#### [What the task requires]
Restate the listing exactly.

#### [Data for review]
↓

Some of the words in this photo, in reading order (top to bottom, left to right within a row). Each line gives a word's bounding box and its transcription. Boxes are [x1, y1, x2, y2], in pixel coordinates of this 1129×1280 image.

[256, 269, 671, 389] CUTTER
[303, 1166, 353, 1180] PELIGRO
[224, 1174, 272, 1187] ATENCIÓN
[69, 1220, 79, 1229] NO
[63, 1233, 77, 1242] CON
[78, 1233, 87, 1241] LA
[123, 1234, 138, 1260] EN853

↑

#### [Output of the task]
Some of the words in this photo, in reading order (top to bottom, left to right within a row). Each line gives a word's bounding box and its transcription. Boxes are [x1, y1, x2, y2], in pixel coordinates of this 1129×1280 image.

[256, 269, 671, 389] CUTTER
[303, 1166, 353, 1180] PELIGRO
[224, 1174, 272, 1187] ATENCIÓN
[69, 1220, 79, 1229] NO
[63, 1233, 77, 1242] CON
[78, 1233, 87, 1241] LA
[123, 1234, 138, 1260] EN853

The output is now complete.